When people research fat loss and endurance compounds, the name Cardarine comes up quickly. And it usually comes with a question: is it a SARM, does it cause cancer, and does it actually do what people claim?
The short answer is that Cardarine, also known as GW 50156 or Endurobol, is a research compound with a genuinely interesting pharmacological profile. It is not a SARM. It works through a completely different mechanism, and the cancer question is more nuanced than the headlines suggest.
This guide covers what Cardarine is, how it works, what the research says about its benefits and risks, and everything you should understand before forming an opinion on it.
Cardarine is a synthetic compound originally developed in the 1990s through a collaboration between Ligand Pharmaceuticals and GlaxoSmithKline.

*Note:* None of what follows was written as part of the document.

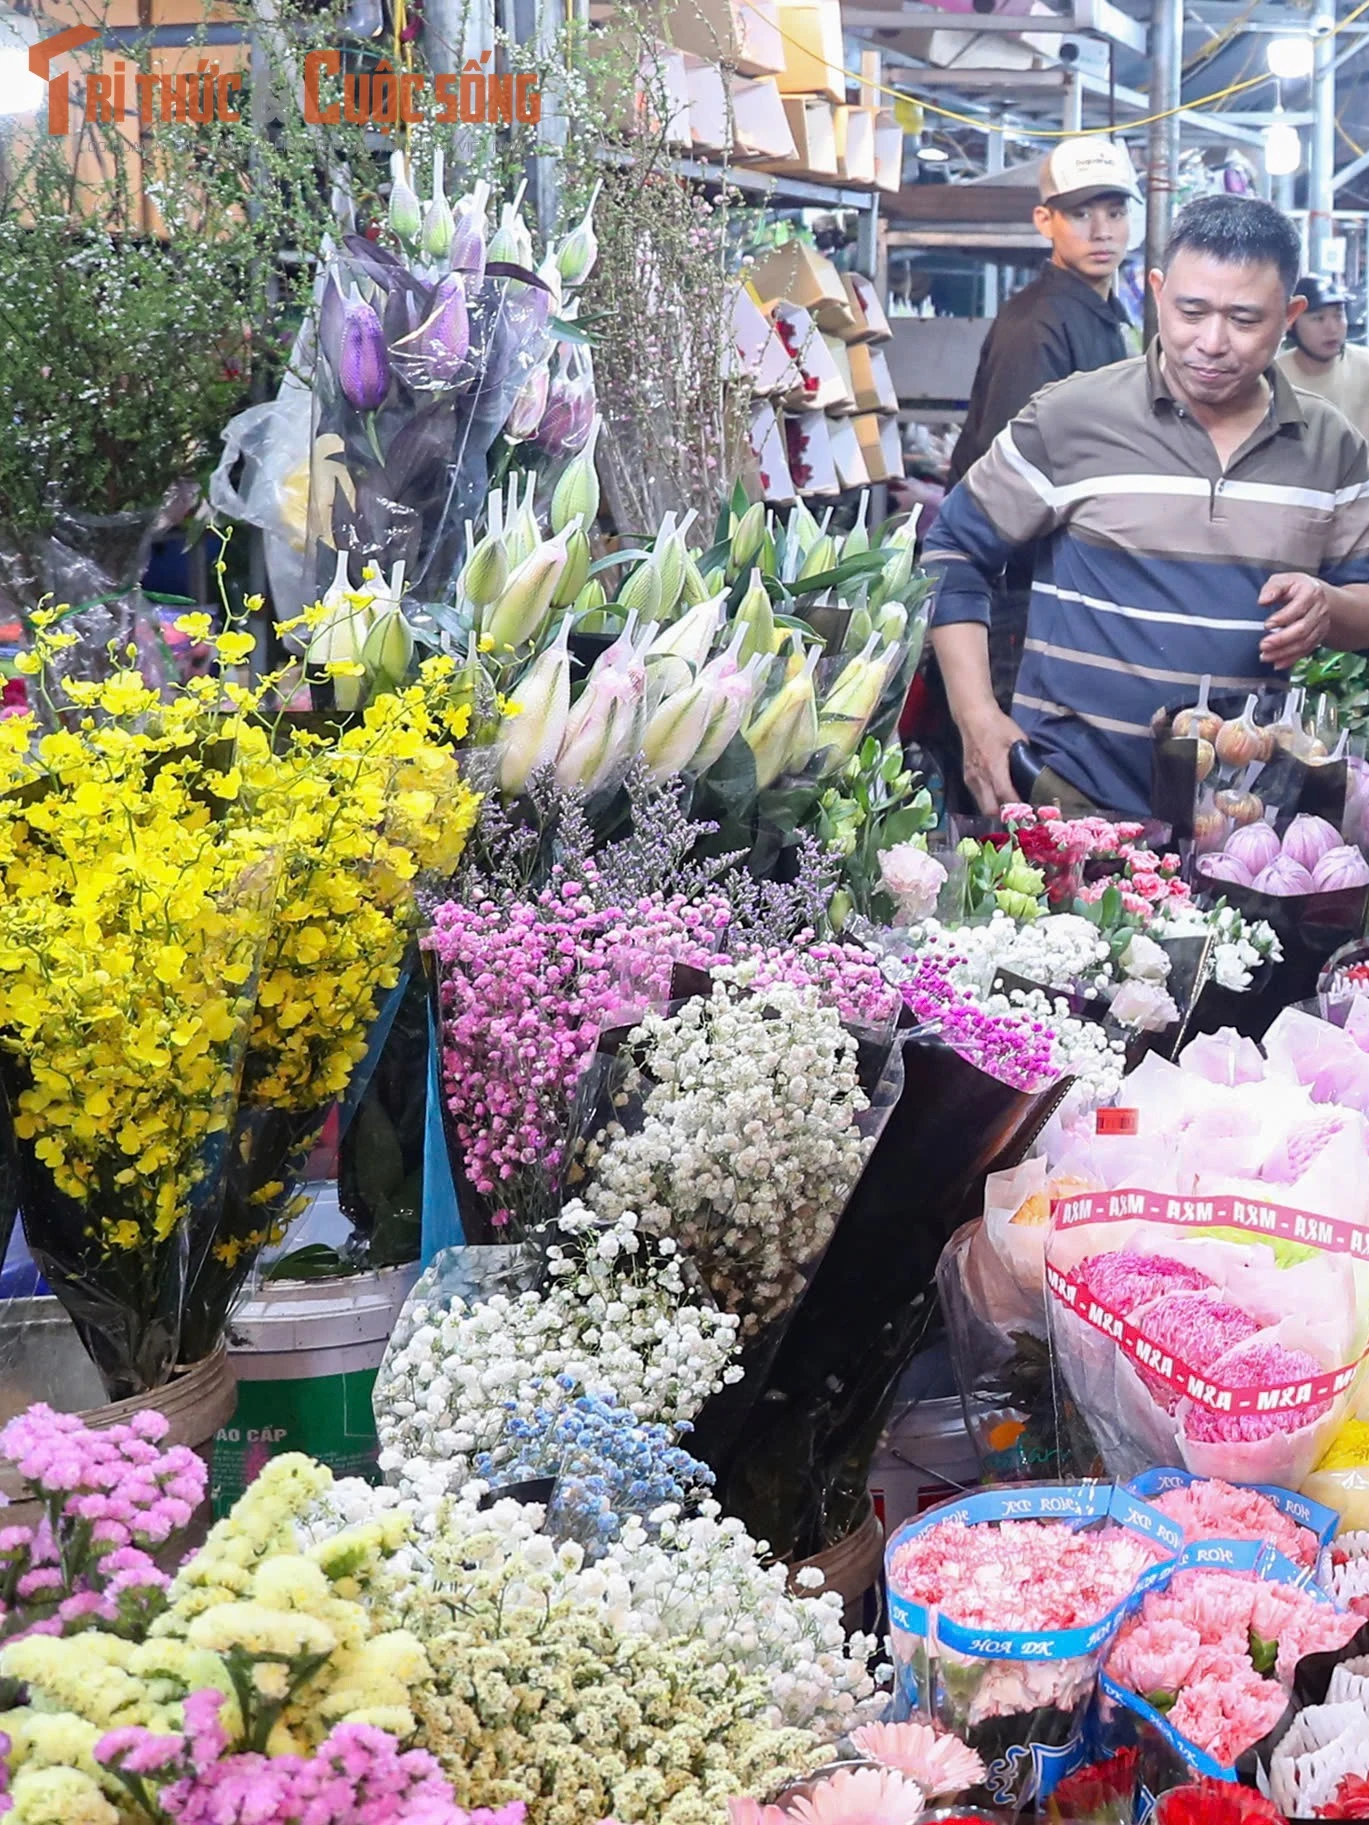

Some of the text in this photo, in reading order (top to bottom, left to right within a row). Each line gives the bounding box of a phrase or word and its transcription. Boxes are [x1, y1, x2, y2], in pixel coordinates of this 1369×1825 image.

The original research focus was the treatment of metabolic and cardiovascular diseases, including type 2 diabetes and dyslipidemia.
Despite being frequently grouped with SARMs in online communities, Cardarine is not a selective androgen receptor modulator. It is classified as a PPARdelta receptor agonist, which stands for peroxisome proliferator-activated receptor delta. The distinction matters because it means GW 50156 does not interact with androgen receptors at all. Its effects on energy metabolism and endurance operate through an entirely separate biological pathway.
After completing a significant number of preclinical trials, GlaxoSmithKline discontinued its development in 2007 following internal animal studies that showed accelerated tumor growth in rats. Despite that discontinuation, Cardarine was adopted by athletic and bodybuilding communities because of the pronounced endurance and fat loss effects observed in earlier research.
The World Anti-Doping Agency (WADA) subsequently added Cardarine and other PPARdelta agonists to its prohibited substances list, where it remains today.
GW 50156 binds to the PPARdelta receptor, a nuclear receptor protein found in skeletal muscle, the heart, and adipose tissue. When activated, this receptor influences gene expression in ways that shift how the body handles energy.
The two primary effects of this receptor activation are:
From a metabolic standpoint, this mirrors what happens during sustained low-intensity exercise or a strict ketogenic diet, but through direct receptor-level signaling rather than dietary restriction or physical adaptation. Scientists studying insulin resistance and metabolic syndrome have found this mechanism particularly relevant because of its potential effect on glucose regulation.
It is worth noting that because Cardarine is non-hormonal, it does not interact with the hypothalamic-pituitary-gonadal axis. There is no testosterone suppression, no estrogenic activity, and no need for post-cycle therapy.
Most of the available research on Cardarine comes from animal studies and a limited number of human trials. The findings are generally consistent, though it is important to frame them in their proper research context.
Animal studies showed that rats given GW 50156 demonstrated roughly 50 to 70 percent more endurance than control groups. The mechanism behind this is the shift toward fat oxidation as fuel, which conserves glycogen stores and delays the onset of fatigue.
In human reports, the increase in cardiovascular and aerobic capacity is described as noticeable within the first session after dosing. This is consistent with the rapid receptor-level changes that PPARdelta agonism produces in muscle tissue.
One clinical study examined Cardarine in 13 obese men with elevated body fat and an unhealthy lipid profile. At a dose as low as 2.5 mg per day, the compound reduced LDL cholesterol, triglycerides, and circulating fatty acids. Body composition improvements were also observed, though detailed body fat percentage data was not captured in the study’s primary endpoints.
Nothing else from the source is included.